'''

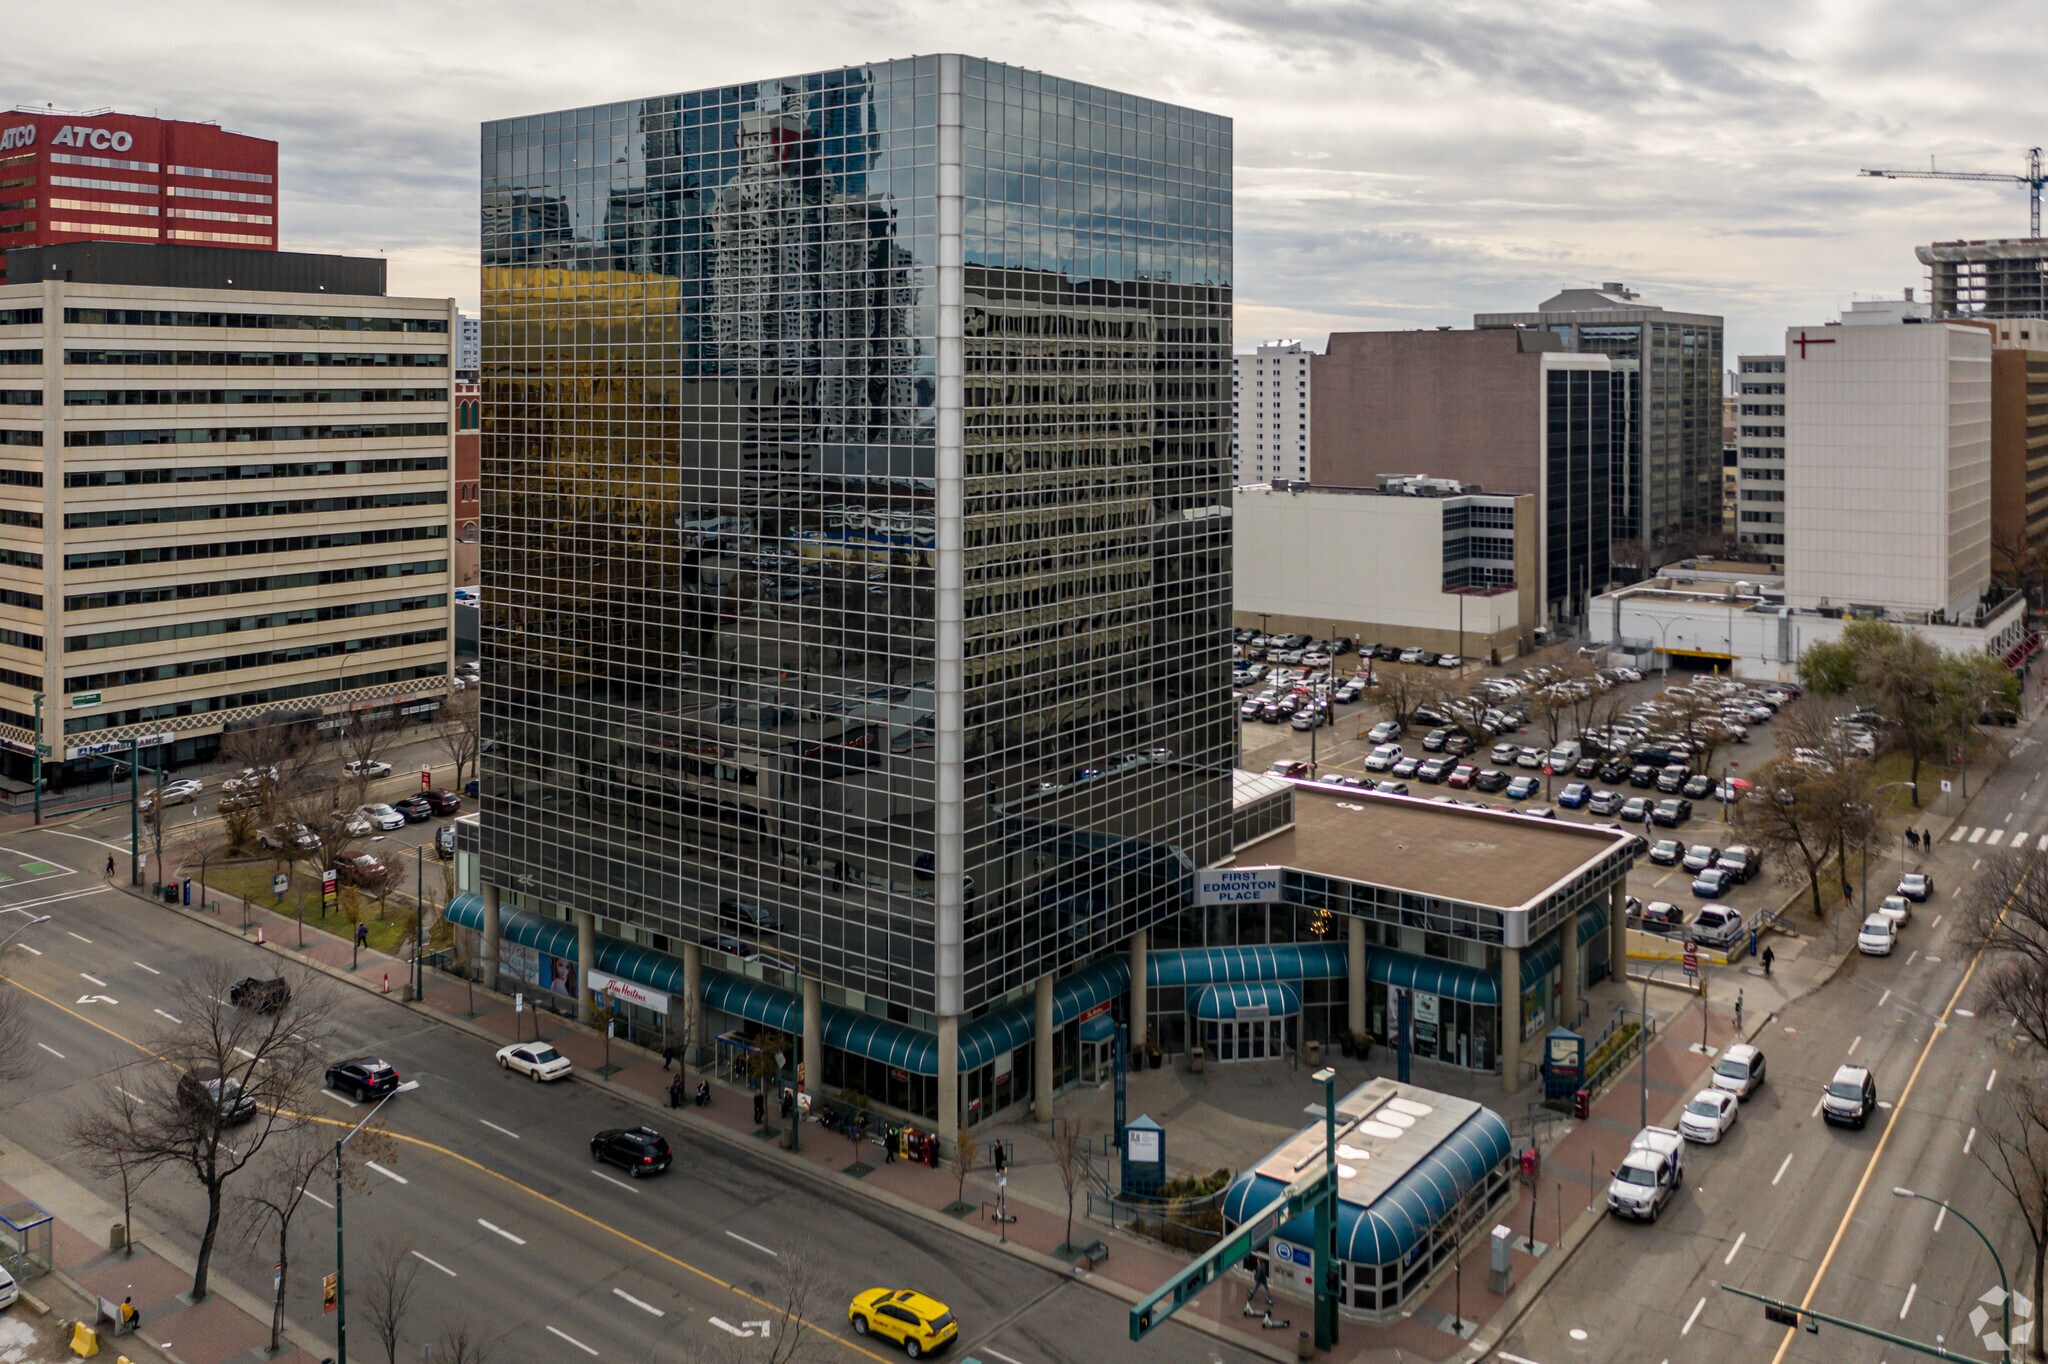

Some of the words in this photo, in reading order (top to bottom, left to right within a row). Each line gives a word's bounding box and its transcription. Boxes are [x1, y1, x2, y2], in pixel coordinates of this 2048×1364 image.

[0, 124, 37, 150] ATCO
[51, 125, 133, 152] ATCO
[110, 736, 164, 751] INSUANCE
[1222, 872, 1258, 881] FIRST
[1203, 881, 1276, 892] EDMONTON
[1220, 891, 1261, 901] PLACE
[608, 979, 621, 993] Tim
[621, 983, 646, 1002] Hortons
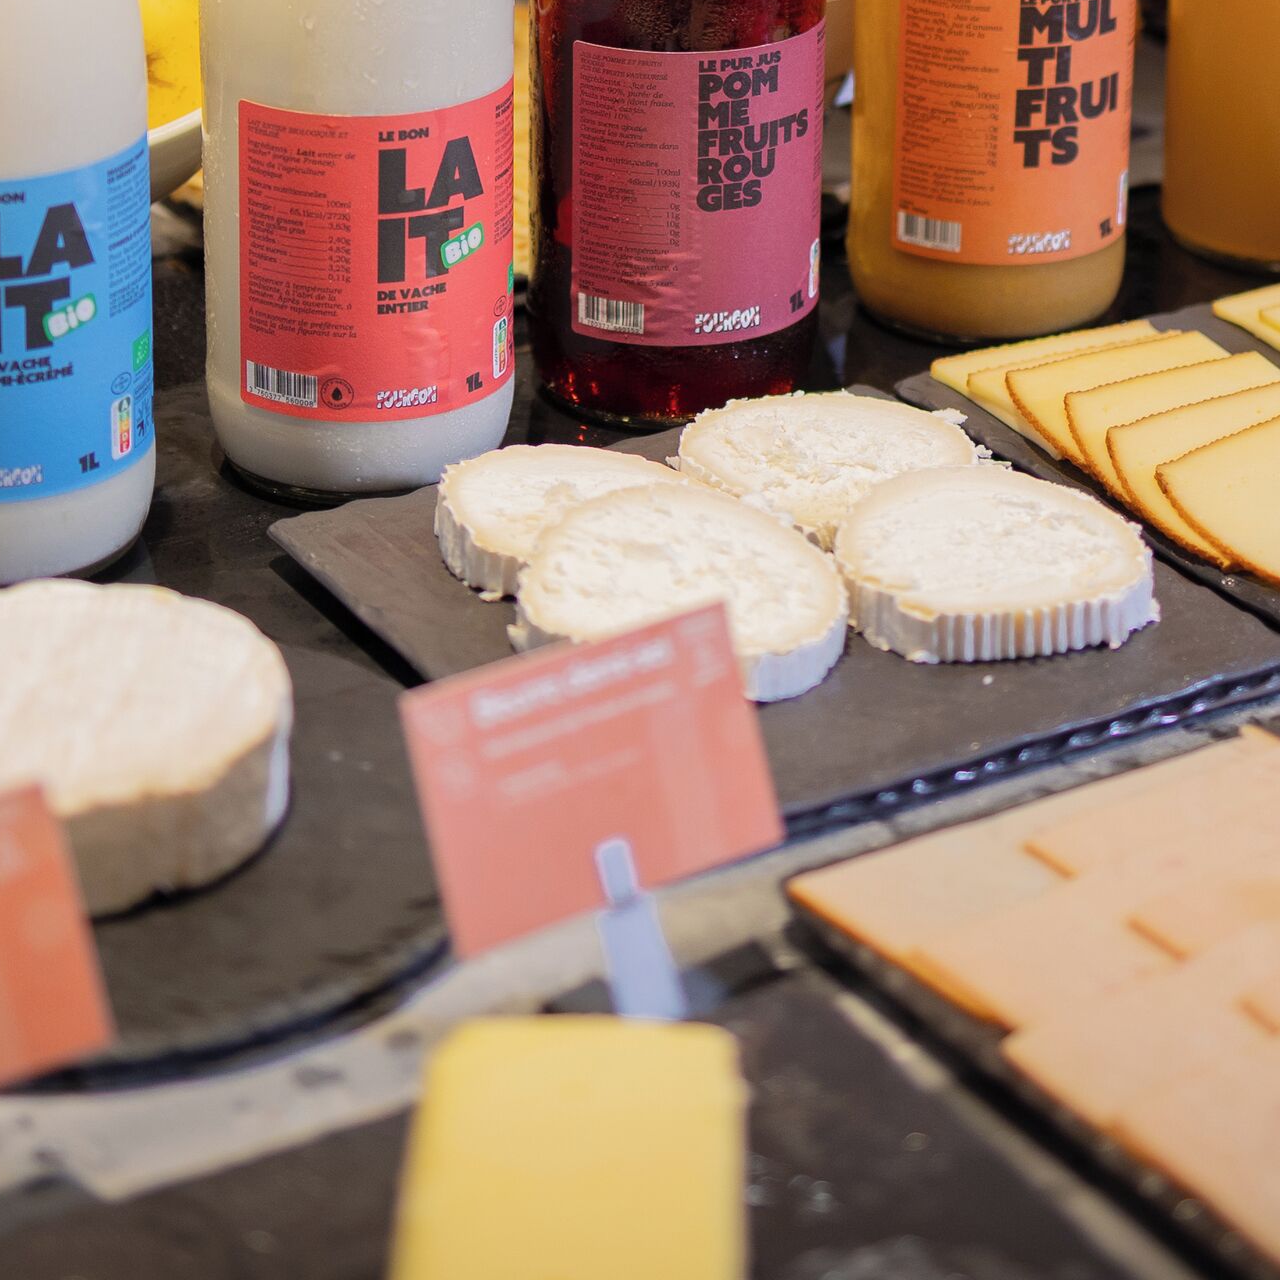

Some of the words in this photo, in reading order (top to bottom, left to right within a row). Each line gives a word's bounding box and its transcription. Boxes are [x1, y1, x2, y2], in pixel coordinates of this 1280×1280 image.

[698, 60, 717, 72] LE
[720, 57, 753, 72] PUR
[756, 51, 781, 67] JUS
[1017, 45, 1072, 86] TI
[698, 65, 779, 101] POM
[698, 99, 749, 130] ME
[1015, 72, 1118, 128] FRUI
[378, 131, 395, 142] LE
[398, 127, 429, 141] BON
[698, 108, 808, 157] FRUITS
[1014, 126, 1078, 168] TS
[378, 136, 484, 215] LA
[697, 148, 776, 185] ROU
[696, 179, 762, 212] GES
[377, 206, 464, 283] IT
[377, 290, 396, 302] DE
[400, 283, 447, 300] VACHE
[377, 301, 429, 315] ENTIER
[466, 371, 483, 392] 1L
[286, 396, 314, 407] 560008
[79, 451, 99, 473] 1L
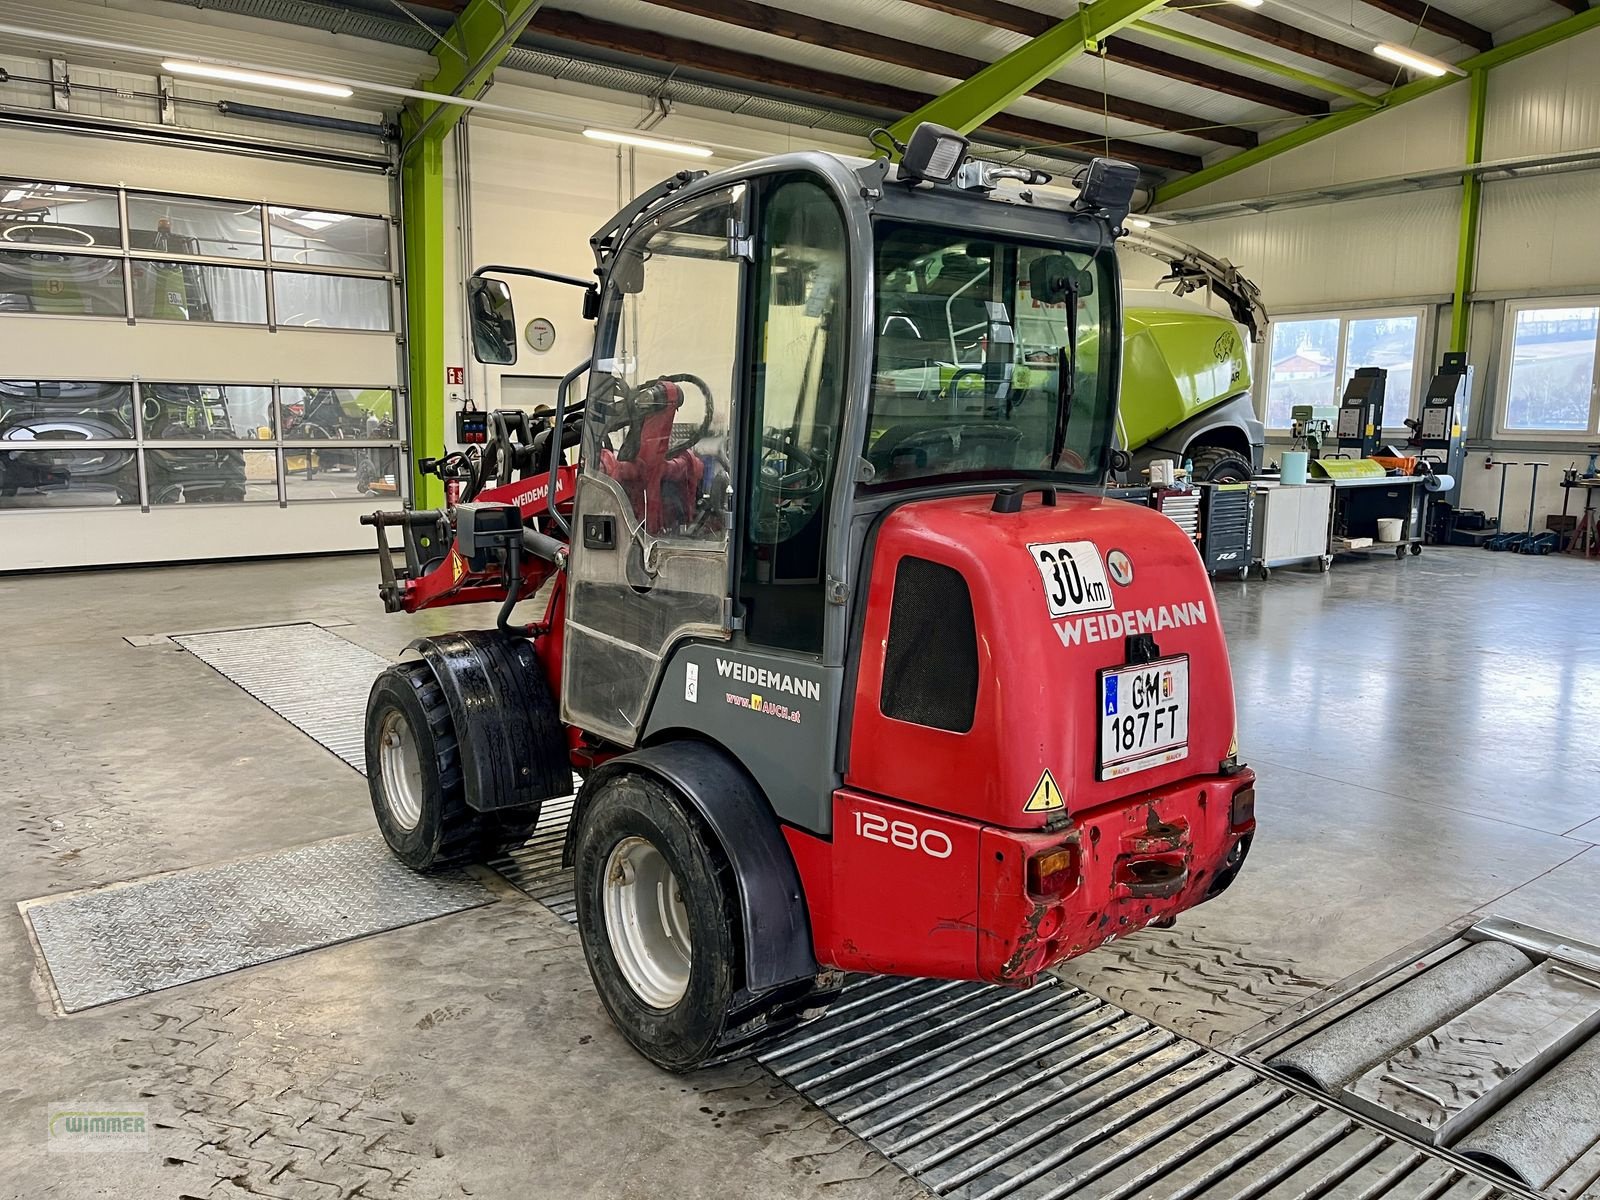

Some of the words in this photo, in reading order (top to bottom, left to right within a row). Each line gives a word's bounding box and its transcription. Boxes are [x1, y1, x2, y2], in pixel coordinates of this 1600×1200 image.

[511, 478, 563, 507] WEIDEMAN
[1052, 600, 1207, 647] WEIDEMANN
[716, 657, 820, 701] WEIDEMANN
[1132, 671, 1160, 710] GM
[851, 811, 953, 859] 1280
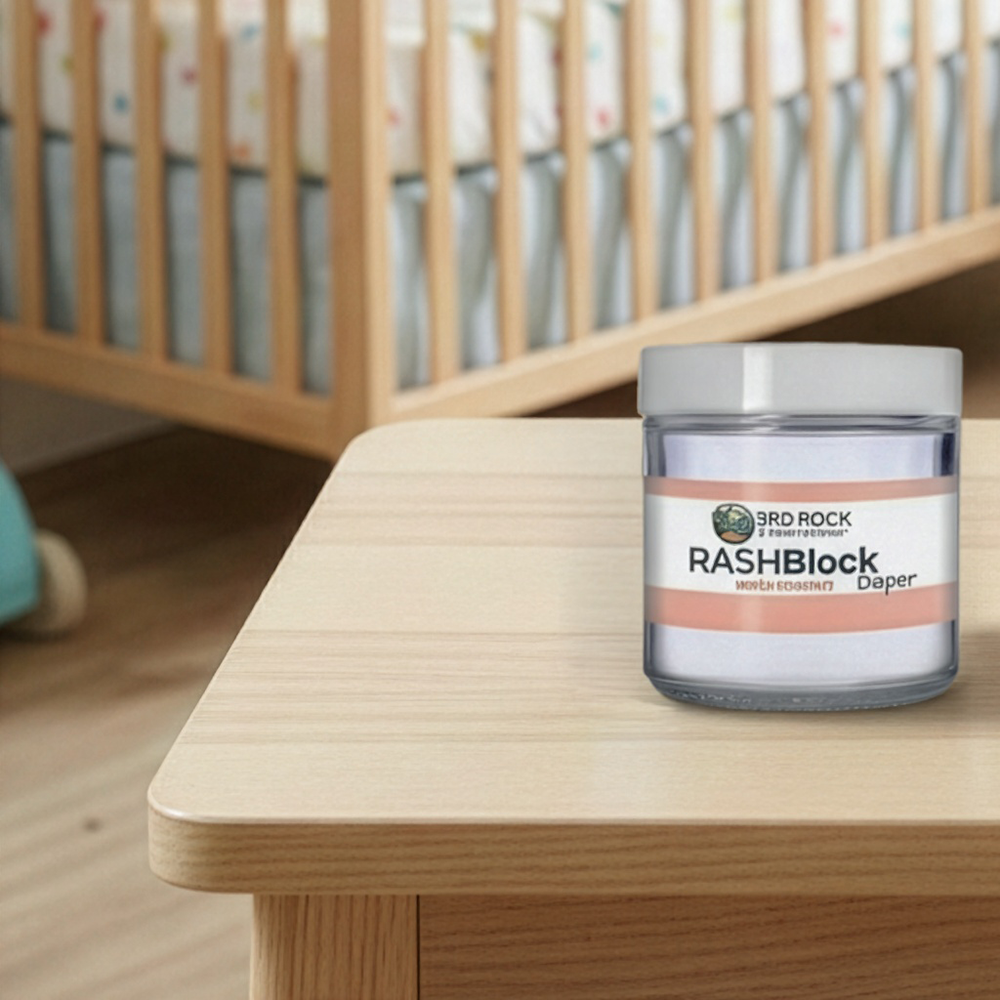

'''

● **WORK INSTRUCTIONS**: Exactly the lines from the one containing "this 1600×1200 image." to the end of the records above, both end lines included, are to be printed, and no pictures with them.

● **EXERCISE RESPONSE**:
Some of the words in this photo, in reading order (top to bottom, left to right within a row). Each line gives a word's bounding box and its transcription. Boxes are [x1, y1, x2, y2], in pixel coordinates of this 1600×1200 image.

[511, 478, 563, 507] WEIDEMAN
[1052, 600, 1207, 647] WEIDEMANN
[716, 657, 820, 701] WEIDEMANN
[1132, 671, 1160, 710] GM
[851, 811, 953, 859] 1280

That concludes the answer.